ELISA-based RBD–ACE2-binding inhibition assay

As previously described,15 200 ng of ACE2 protein (Sino Biological, 10108-H08H) in 100 μl PBS per well was coated on ELISA plates overnight at 4 °C. The ELISA plates were blocked for 1 h with 100 μl blocking buffer (5% FBS and 0.1% Tween 20 in PBS); meanwhile, 50 μl 10-fold diluted patient or healthy control sera were incubated with 7.5 ng SARS-CoV-2 RBD-mouse FC protein (Sino Biological, 40592-V05H) in 50 μl blocking buffer for 1 h. Then the incubated sera/SARS-CoV-2 RBD-mouse FC protein mixture was added into the ELISA plates and allowed to develop for 30 min, followed by PBST washing and incubation with anti-mouse FC HRP antibody (Thermo Fisher Scientific, A16084) for 30 min. Next, the ELISA plates were washed with PBST and treated with TMB buffer (Beyotime, P0209). After 5 min, the ELISA reaction was stopped by 1 M HCl stop buffer and determined at 450 nm. The RBD–ACE2-binding inhibition score was calculated as: 100 × (1 − (OD450 value of patient sera/OD450 value of healthy control sera)).

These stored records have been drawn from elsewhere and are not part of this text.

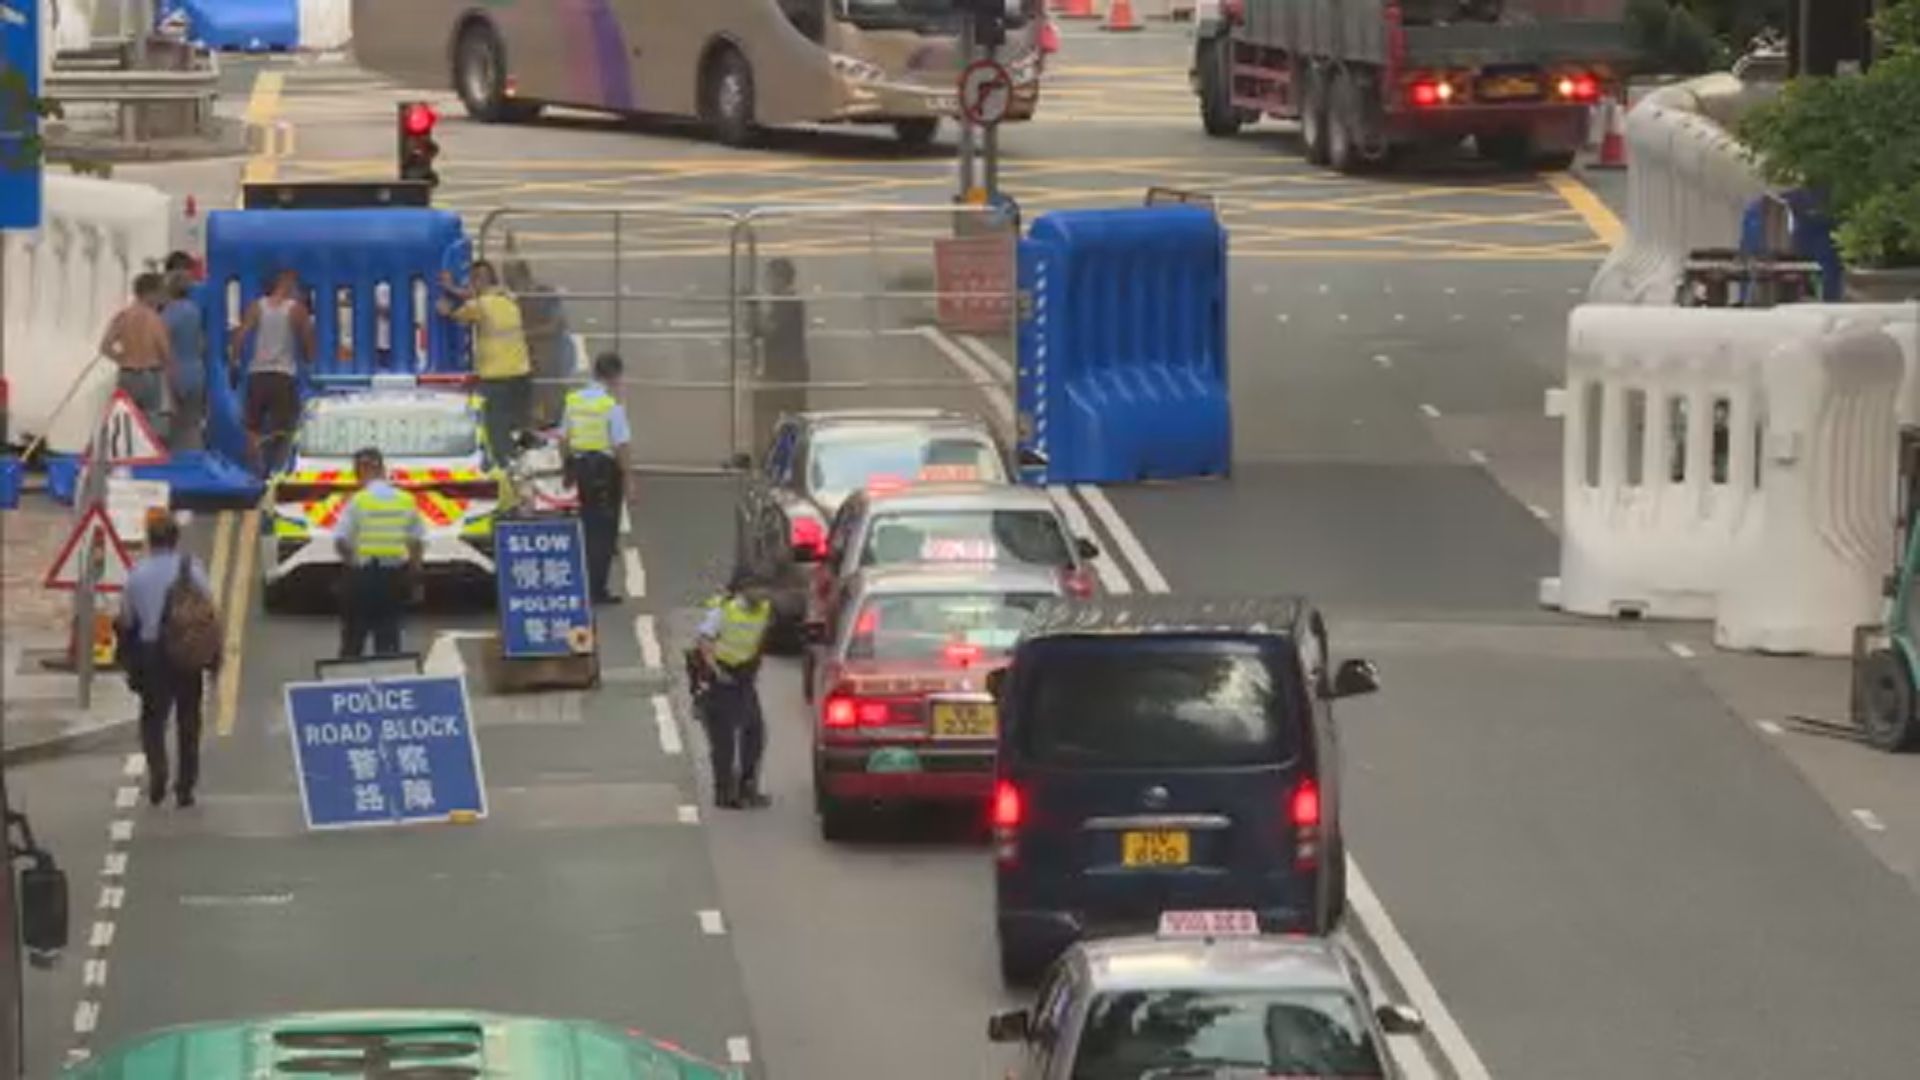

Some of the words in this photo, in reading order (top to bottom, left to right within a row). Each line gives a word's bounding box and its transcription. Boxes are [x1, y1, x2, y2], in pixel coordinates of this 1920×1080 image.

[508, 534, 571, 553] SLOW
[508, 595, 579, 612] POLICE
[331, 689, 417, 715] POLICE
[303, 721, 373, 747] ROAD
[380, 713, 461, 742] BLOCK
[347, 744, 431, 781] 警察
[353, 778, 436, 812] 路障

Pseudovirus neutralization assay

The pseudovirus neutralization assay was previously described.15,32 Briefly, HEK-293T cells were transfected with pLenti-luciferase, psPAX2, and 2019-nCov S plasmids by using TransIT-293 Transfection reagent (Mirus, MIR 2700). After 12 h, the culture media was changed to fresh media. And at 64 h after transfection, the culture supernatants containing SARS-CoV-2 typed pseudovirus were harvested. Next, 200-fold diluted patient or healthy control sera were mixed with SARS-CoV-2 typed pseudovirus for 1 h at 37 °C. Then the ACE2-expressing HEK-293T (ACE2/293T) cells were incubated with the sera/pseudovirus mixture overnight and then cultured with fresh media. At 40 h after the mixture incubation, the luciferase activity of SARS-CoV-2 typed pseudovirus-infected ACE2/293T cells were measured by a luciferase reporter assay kit (Promega, E1910).

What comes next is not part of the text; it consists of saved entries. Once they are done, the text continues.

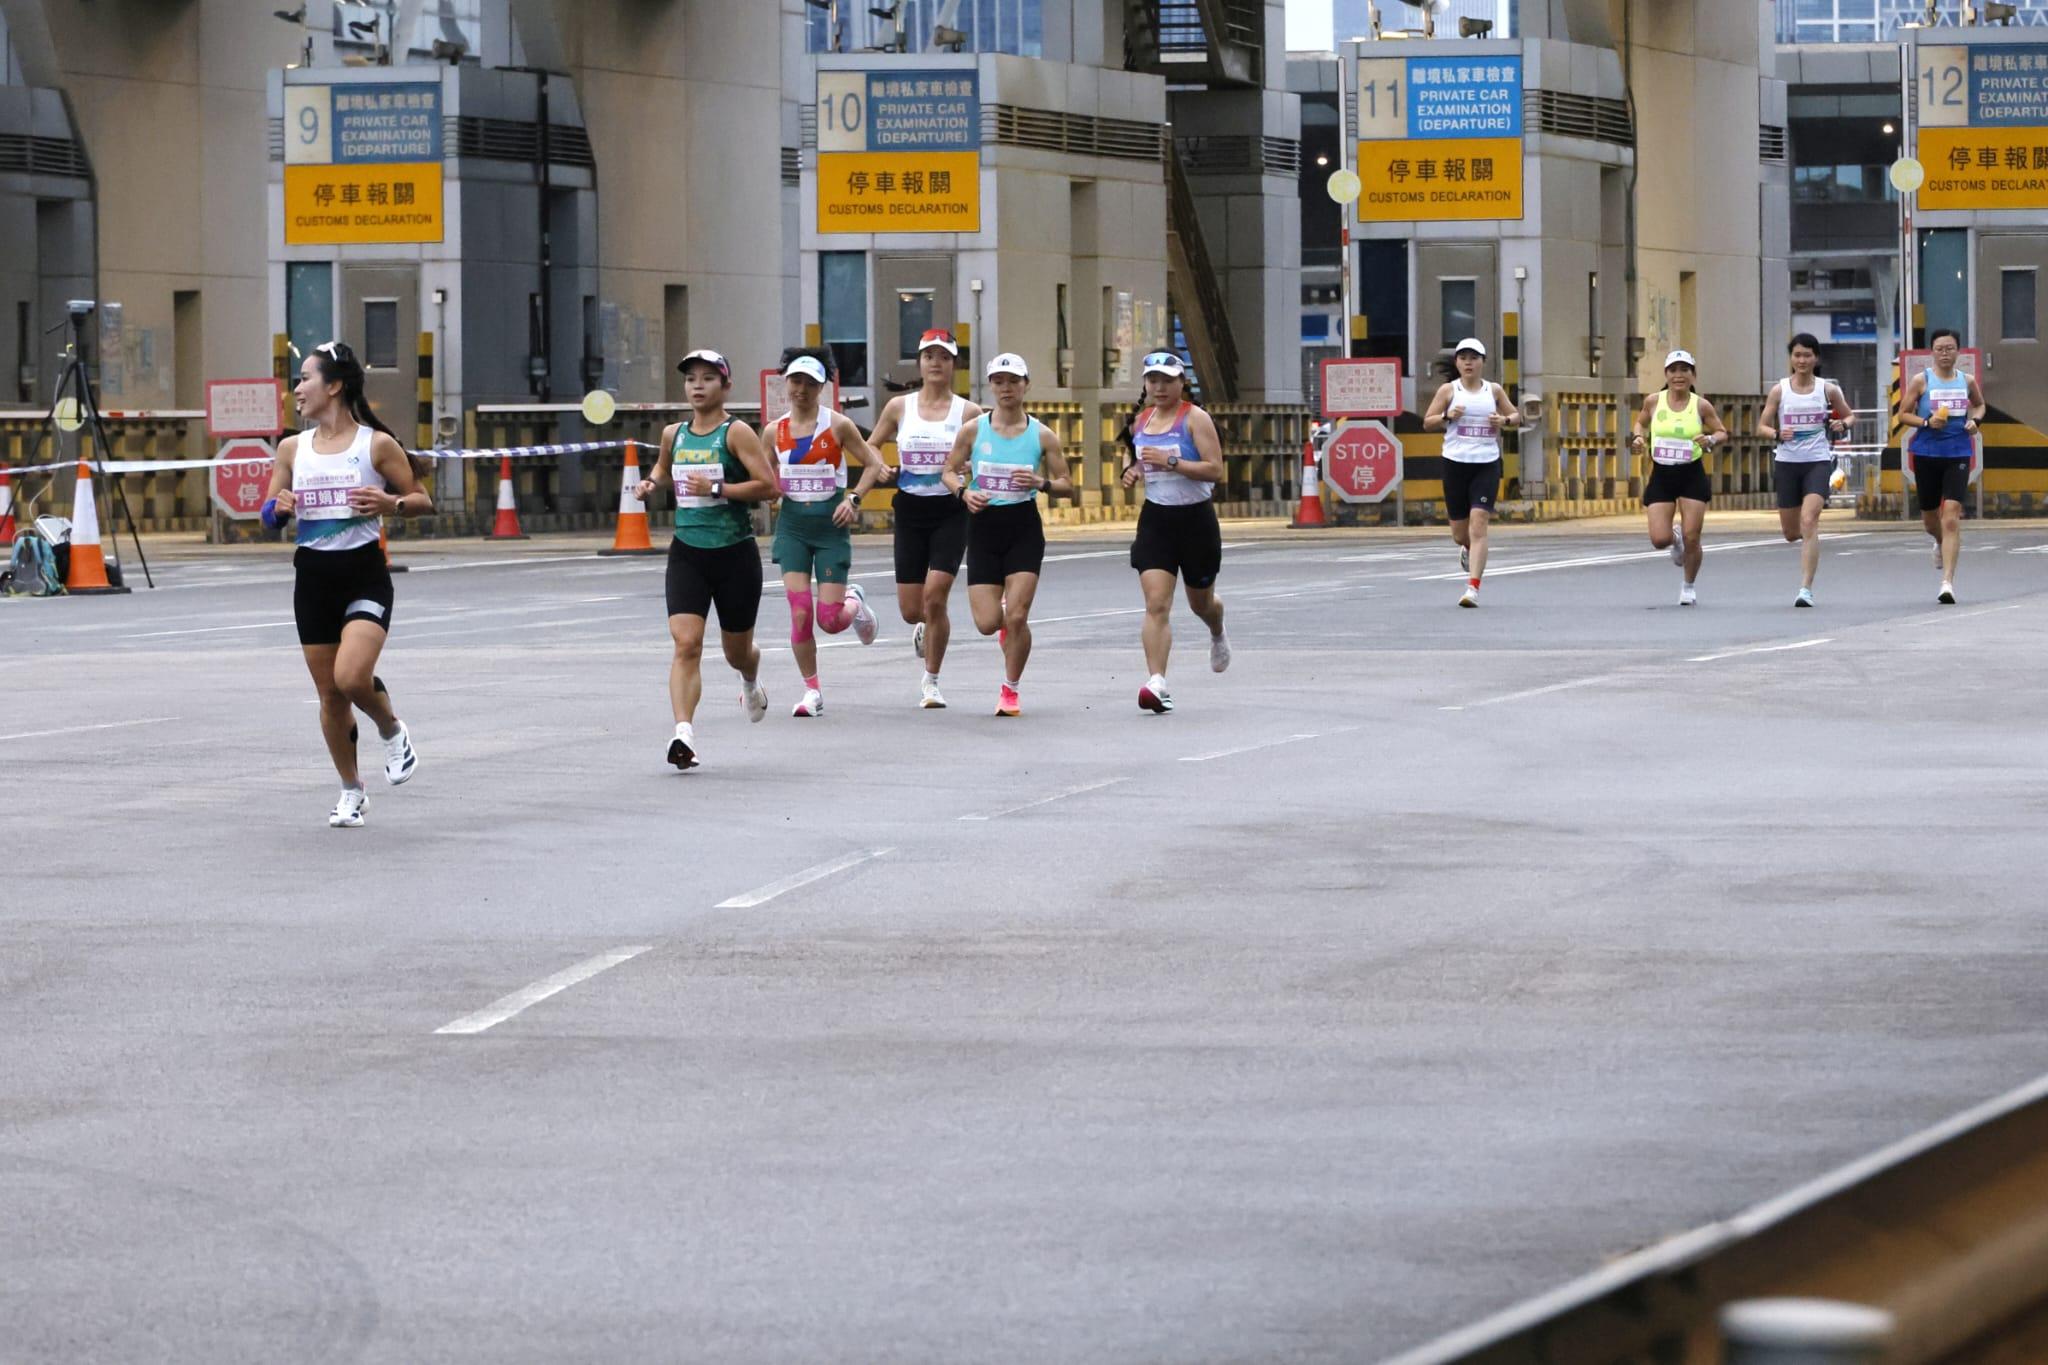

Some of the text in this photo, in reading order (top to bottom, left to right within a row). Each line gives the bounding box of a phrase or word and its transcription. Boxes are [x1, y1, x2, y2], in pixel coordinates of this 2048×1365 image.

[1922, 66, 1963, 106] 12
[1981, 77, 2038, 89] PRIVATE
[1364, 79, 1399, 119] 11
[1420, 89, 1509, 101] PRIVATE CAR
[822, 92, 862, 132] 10
[879, 103, 966, 115] PRIVATE CAR
[1417, 103, 1511, 116] EXAMINATION
[299, 106, 319, 145] 9
[344, 115, 428, 127] PRIVATE CAR
[876, 117, 969, 129] EXAMINATION
[1418, 117, 1511, 132] (DEPARTURE)
[341, 129, 431, 142] EXAMINATION
[877, 131, 968, 145] (DEPARTURE)
[342, 142, 431, 157] (DEPARTURE)
[1387, 157, 1493, 183] 停車報關
[847, 171, 951, 195] 停車報關
[1929, 178, 2048, 191] CUSTOMS DECLARA
[313, 182, 415, 207] 停車報關
[1369, 190, 1511, 203] CUSTOMS DECLARATION
[829, 203, 969, 215] CUSTOMS DECLARATION
[296, 214, 432, 227] CUSTOMS DECLARATION
[1335, 443, 1390, 460] STOP
[222, 462, 273, 478] STOP
[1352, 465, 1376, 490] 停
[238, 483, 260, 507] 停

SARS-CoV-2 serum neutralization assay

Patient sera were diluted in Dulbecco’s Modified Eagle Medium (40 fold-dilution) and mixed with an equal volume of 80–100 plaque-forming unit SARS-CoV-2 (EPI_ISL_444969) for 1 h at 37 °C. Serum–virus mixture were then added to the Vero E6 cell monolayers in 48-well plates and incubated at 37 °C in 5% CO2 for 1 h. After removing the inocula, plates were overlaid with culture medium and cultured at 37 °C for 48 h. Subsequently, viral RNA from the cultural supernatants was extracted and the viral RNA copies were determined by quantitative PCR according to the viral detection kit’s protocol (DAAN Gene Co., Ltd. of Sun Yat-Sen University). All experiments related to authentic viruses were performed in the certified BSL-3 facility of Sun Yat-sen University. The SARS-CoV-2 viral RNA fold reduction = 2(CT value of sample − CT value of mock).

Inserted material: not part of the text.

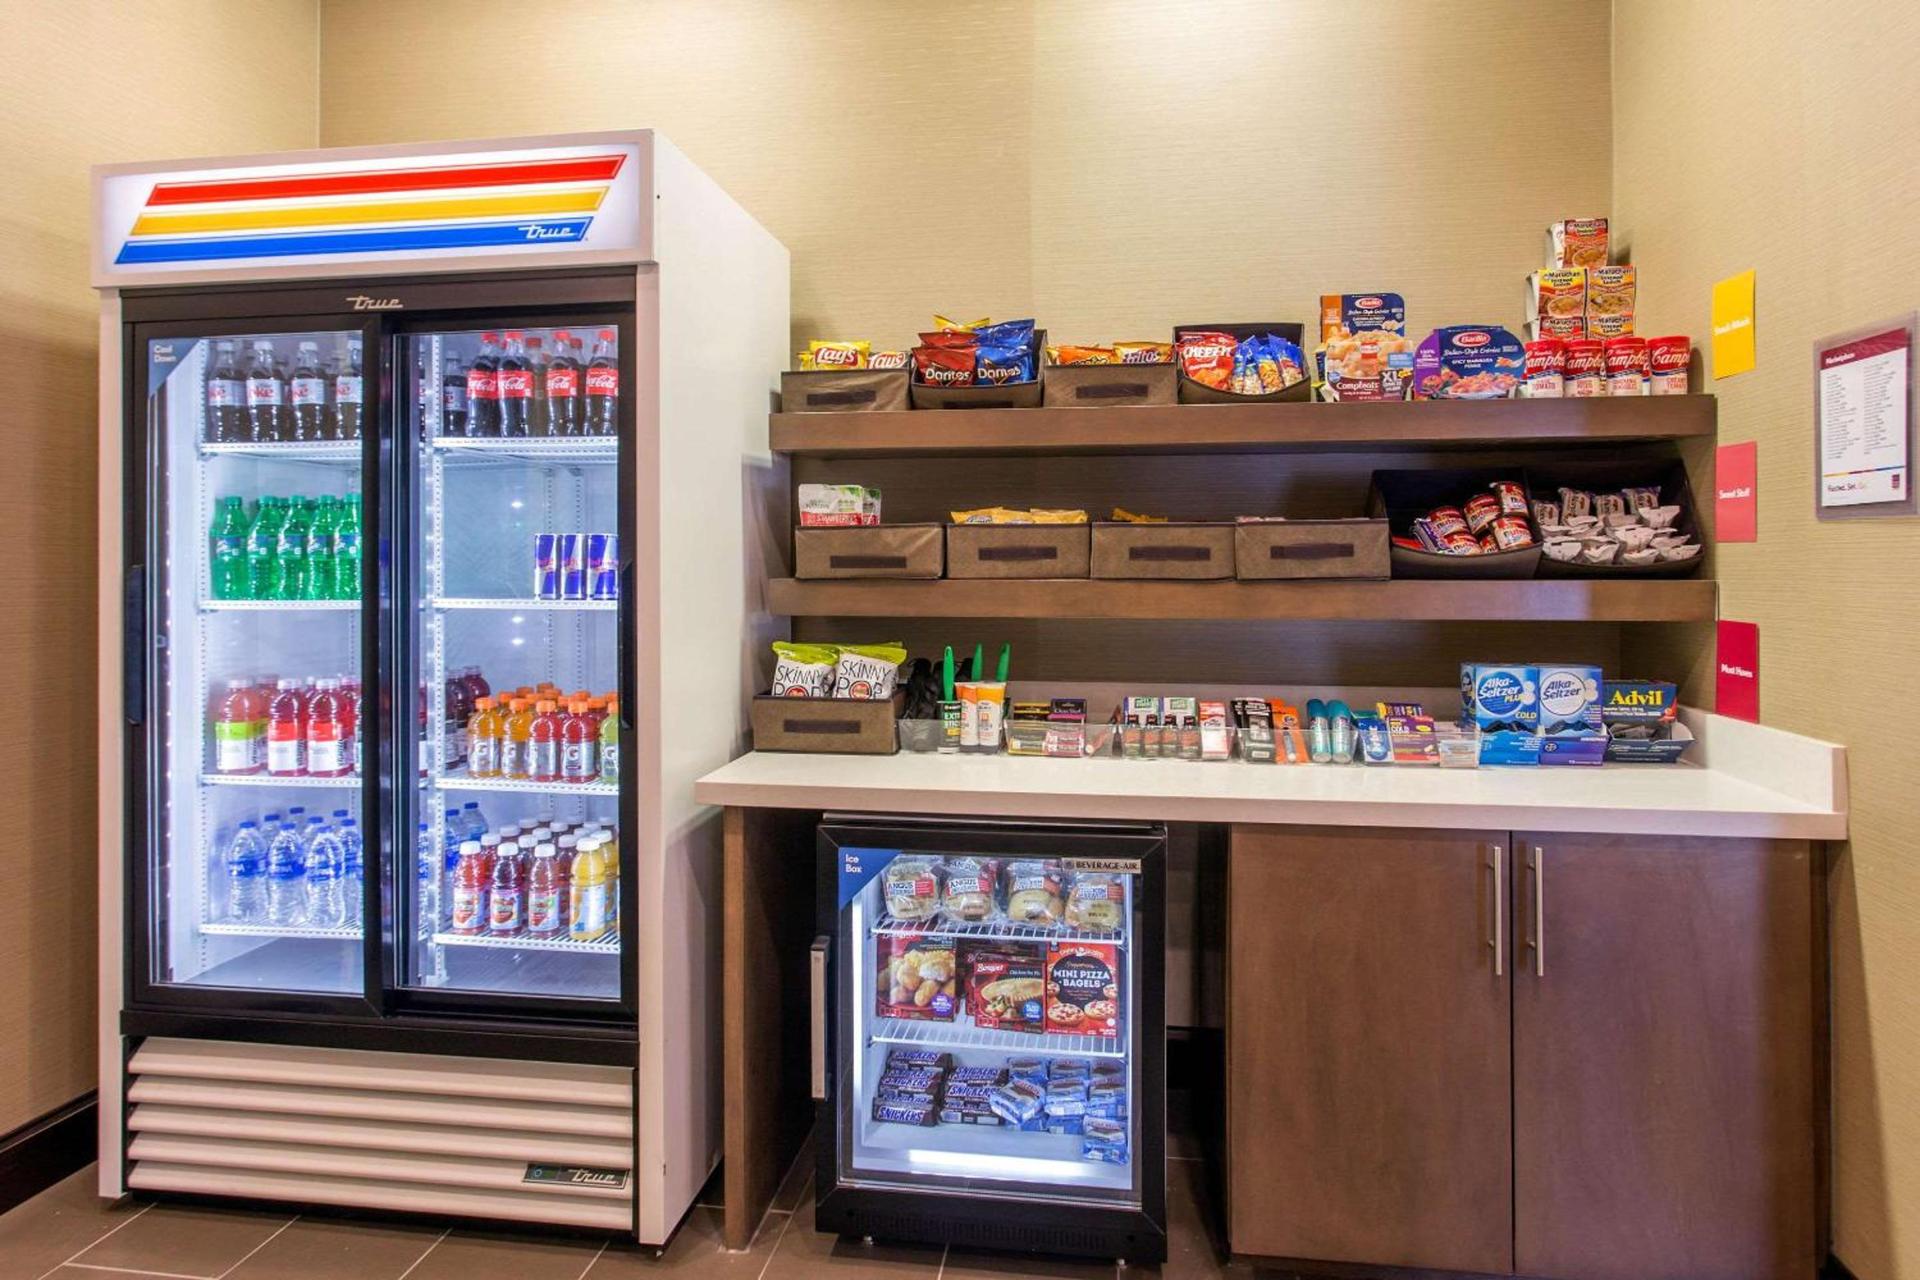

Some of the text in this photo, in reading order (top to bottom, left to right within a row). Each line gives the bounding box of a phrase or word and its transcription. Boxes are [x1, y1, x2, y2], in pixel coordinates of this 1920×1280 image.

Depletion of SARS-CoV-2 S protein-specific antibodies

First, SARS-CoV-2 S1 protein (Sino Biological, 40591-V08H) or SARS-CoV-2 RBD protein (Sino Biological, 40592-V08B) or SARS-CoV-2 S2 protein was conjugated with biotin by following the manufacturer’s protocol (Thermo Fisher Scientific, A39257). Then biotin-conjugated proteins were incubated with BeaverBeads Mag Streptavidin Matrix (Beaver, 22305) at 4 °C for 1.5 h. After washing with PBS, the SARS-CoV-2 S protein-coupled beads were next incubated with diluted patient sera at 4 °C for 1.5 h. Then the supernatants were harvested and quality controlled by ELISA assays for SARS-CoV-2 S proteins.


The SARS-CoV-2 antibody titers or virus-neutralizing function of the sera belonging to patients with different severity were compared with the one-way analysis of variance test (Tukey’s multiple comparisons test). The cutoff value in each pseudovirus-neutralizing function assay was determined by the receiver operating characteristic curve analysis and was of the highest likelihood ratio. Correlations between different SARS-CoV-2 antibody titers or between SARS-CoV-2 antibody titers and pseudovirus titers or between SARS-CoV-2 antibody titers and SARS-CoV-2 virus titers were analyzed using Pearson’s correlation coefficient. P values < 0.05 were defined as statistically significant. Prism 6 software was used for statistical analysis.